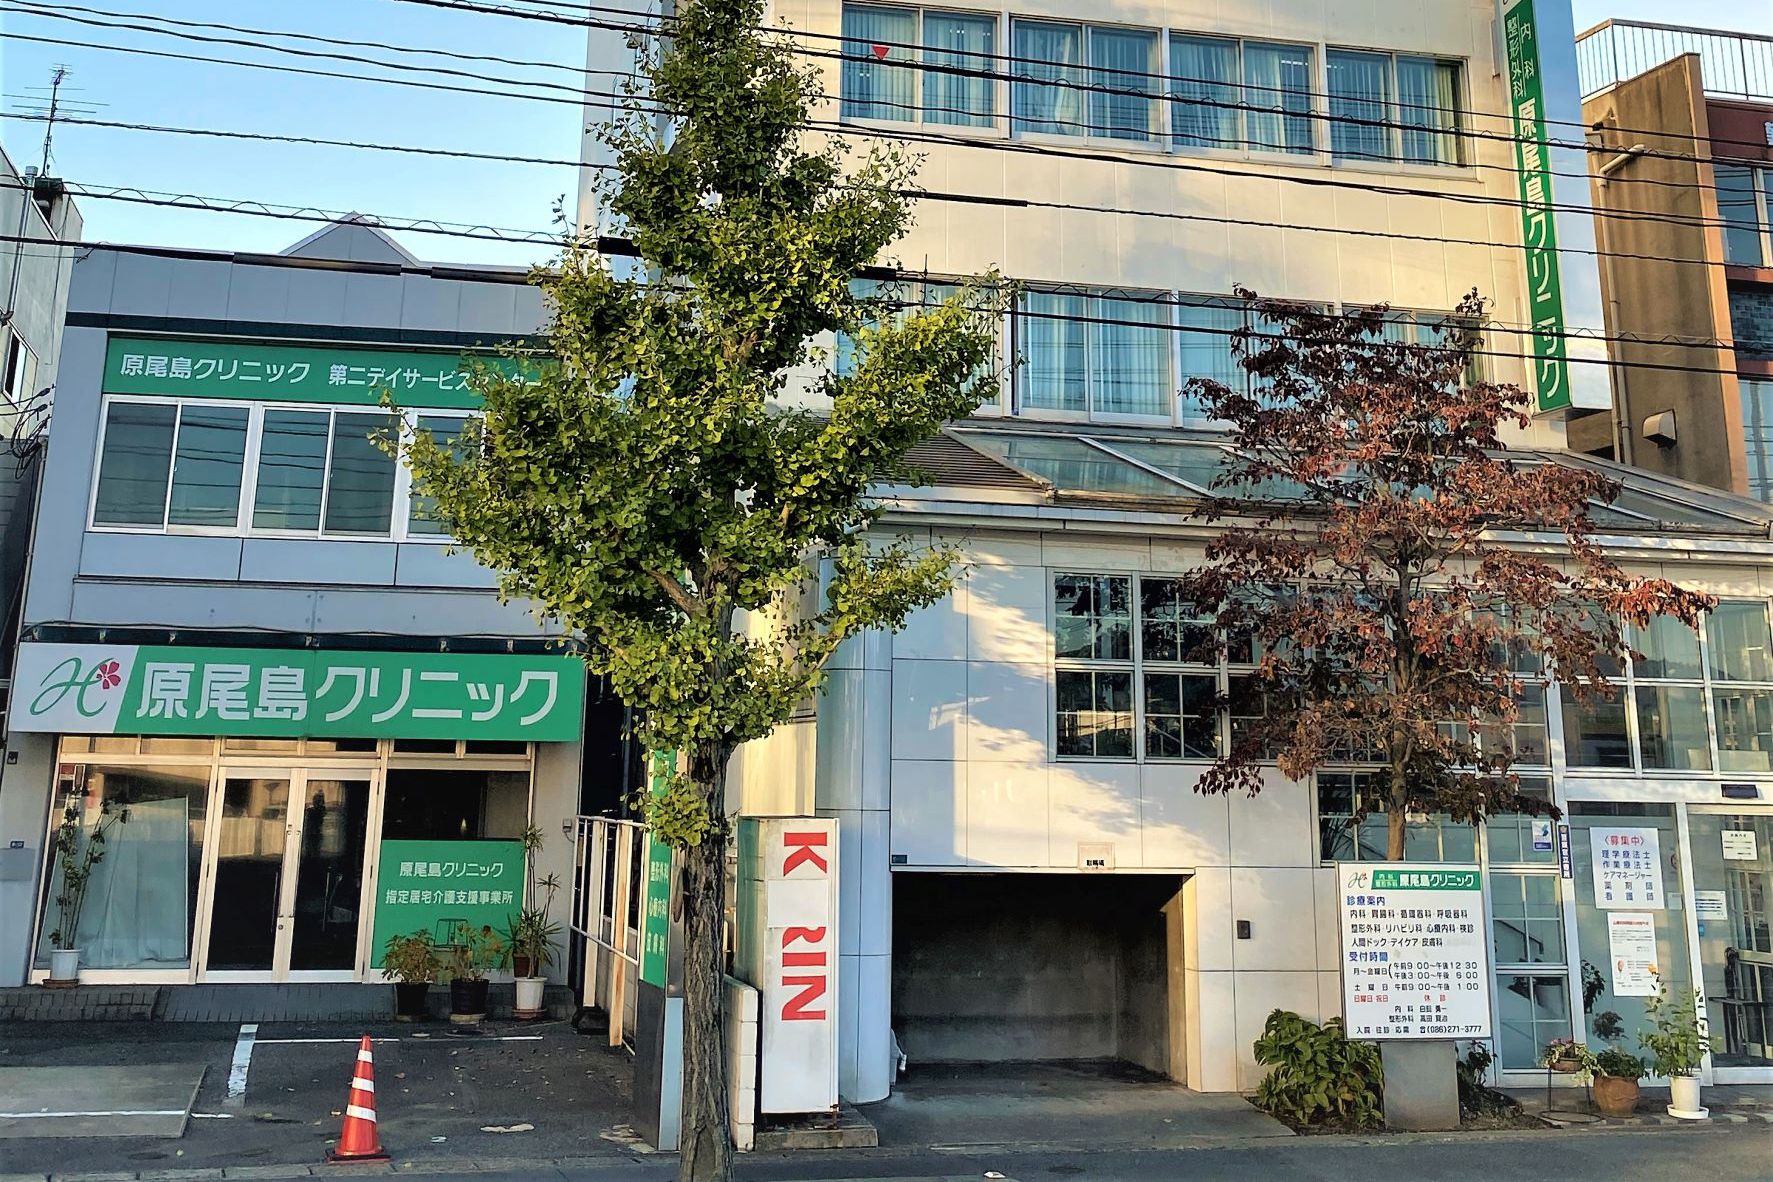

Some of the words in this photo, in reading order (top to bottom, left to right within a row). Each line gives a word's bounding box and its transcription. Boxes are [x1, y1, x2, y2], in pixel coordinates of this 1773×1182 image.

[1507, 16, 1523, 99] 整形外科
[1521, 22, 1535, 79] 内科
[120, 353, 310, 384] 原尾島クリニック
[136, 662, 558, 726] 原尾島クリニック
[1602, 850, 1650, 859] 理学療法士
[400, 862, 503, 877] 原尾島クリニック
[1603, 861, 1651, 870] 作業療法士
[1400, 874, 1474, 887] 原尾島クリニック
[1603, 871, 1652, 879] ケアマネージャー
[386, 890, 513, 905] 指定居宅介護支援事業所
[1347, 896, 1386, 906] 診療案内
[782, 832, 827, 1020] KRIN
[1349, 952, 1388, 962] 受付時間

━━━━

### Exercise description
Taking each record in turn, retype it exactly and drop any picture.

### Exercise output
Some of the words in this photo, in reading order (top to bottom, left to right within a row). Each line gives a word's bounding box and its transcription. Boxes are [x1, y1, x2, y2], in pixel coordinates of this 1773×1182 image.

[1507, 16, 1523, 99] 整形外科
[1521, 22, 1535, 79] 内科
[120, 353, 310, 384] 原尾島クリニック
[136, 662, 558, 726] 原尾島クリニック
[1602, 850, 1650, 859] 理学療法士
[400, 862, 503, 877] 原尾島クリニック
[1603, 861, 1651, 870] 作業療法士
[1400, 874, 1474, 887] 原尾島クリニック
[1603, 871, 1652, 879] ケアマネージャー
[386, 890, 513, 905] 指定居宅介護支援事業所
[1347, 896, 1386, 906] 診療案内
[782, 832, 827, 1020] KRIN
[1349, 952, 1388, 962] 受付時間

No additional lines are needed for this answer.